The rainbow salad at Anju in Cedarhurst.

The rainbow salad at Anju in Cedarhurst. Credit: Newsday/Erica Marcus

Boris Safaniev and his family have opened three elegant, upscale restaurants in Cedarhurst — and all are kosher.

The latest undertaking, Anju, serves contemporary Asian fusion and opened in December with Tomo Kobayashi, one of Long Island’s most accomplished Asian fusion chefs, running the kitchen.

Kobayashi, the founding chef of Toku in Manhasset, has designed a menu that draws on Japanese, Korean and Chinese cuisines, infusing each with a little American cheek: seared Wagyu beef tataki with truffled tofu, pastrami egg rolls, Korean kalbi short ribs with charred shishito peppers, tenderloin of beef with charred broccolini, matzo-ball ramen with chicken char siu.

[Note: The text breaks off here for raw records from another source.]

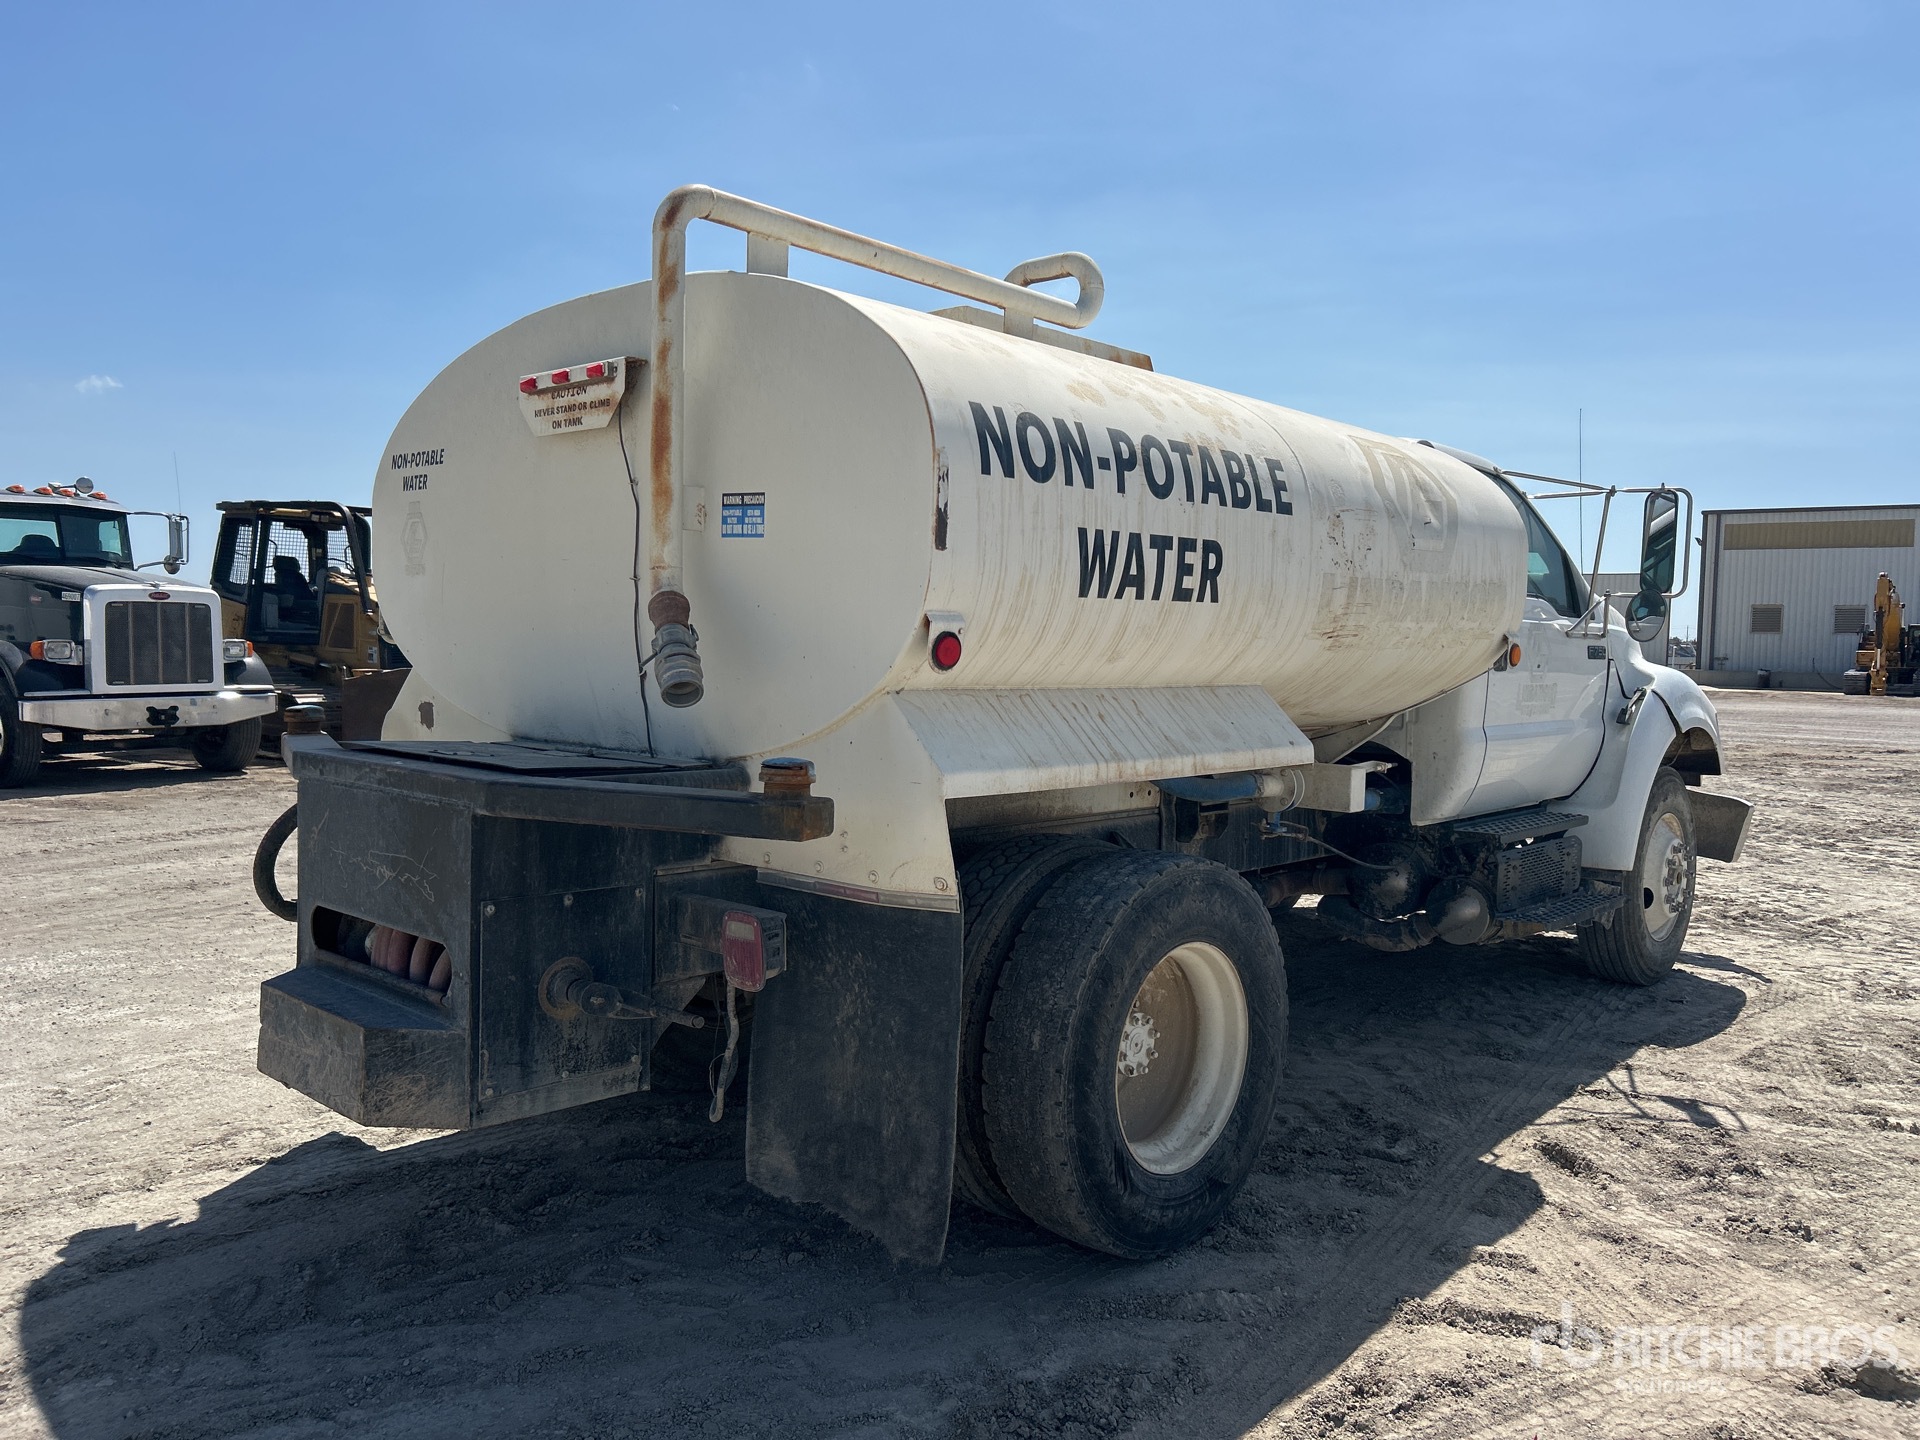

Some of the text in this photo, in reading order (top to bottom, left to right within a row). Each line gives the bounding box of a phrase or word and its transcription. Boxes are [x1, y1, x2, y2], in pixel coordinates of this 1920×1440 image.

[551, 385, 588, 400] CAUTION
[534, 398, 611, 418] NEVER STAND OR CLIMB
[551, 416, 583, 430] ON TANK
[391, 448, 445, 470] NON-POTABLE
[968, 400, 1293, 516] NON-POTABLE
[402, 473, 428, 492] WATER
[1077, 527, 1224, 603] WATER

The sushi bar at Anju in Cedarhurst.

The sushi bar at Anju in Cedarhurst. Credit: Newsday/Erica Marcus

Kobayashi was charged not only with livening up traditional Asian dishes, but with modifying them to conform to kosher dietary restrictions. Swapping out pork for chicken, as in the ramen, was relatively simple. The prohibition against eating meat with dairy was even easier: Dairy shows up rarely, if at all, in East Asian cooking. Anju has a strong sushi menu, ranging from traditional sushi and sashimi to more fanciful rolls such as Double Hamachi (hamachi-wrapped hamachi toro tartare with scallions, shiso, cucumber, jalapeño relish and crunchy onion) and the Spicy Anju (salmon-wrapped spicy salmon with asparagus, spicy mayo and Asian chimichurri). And as long as Kobayashi stayed away from shellfish and eel, everything was copacetic.

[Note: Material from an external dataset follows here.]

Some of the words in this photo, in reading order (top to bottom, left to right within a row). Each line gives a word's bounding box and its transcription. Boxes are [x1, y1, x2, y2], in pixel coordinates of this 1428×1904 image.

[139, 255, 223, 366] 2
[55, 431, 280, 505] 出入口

The biggest culinary challenge, Safaniev said, was that many of the building blocks of the restaurant’s dishes — imported condiments, noodles, wonton skins — were either not available in kosher versions or not available in good-enough kosher versions. “If we couldn’t source the right product,” he said, “we had to make them. We now make all our own noodles, dumpling and wonton skins.”

Kosher ingredients tend to be about 30% more expensive than their conventional counterparts, Safaniev said, and Anju’s prices reflect this: Starters range from $10 to $28; sushi rolls from $16 to $36; noodles from $36 to $42; mains from $38 to $72.

Pad Thai at Anju in Cedarhurst.

Pad Thai at Anju in Cedarhurst. Credit: Newsday/Erica Marcus

Safaniev was not kosher in his younger days and frequented such exuberant Asian eateries as New York’s Buddakan and Philippe Chow. “Now, as an observant Jew,” he said, “I want to deliver that experience — high end, quality drinks, really good food and a great environment — that the kosher diner doesn’t have a lot of.” This is the case with the family's other two Cederhurst spots: the modern-Mediterranean Cork & Slice and the over-the-top steakhouse, Doma Land + Sea.

Anju, 128 Cedarhurst Ave., Cedarhurst, 516-837-9684, anjuliny.com. Open Sunday to Thursday 5 to 10 p.m.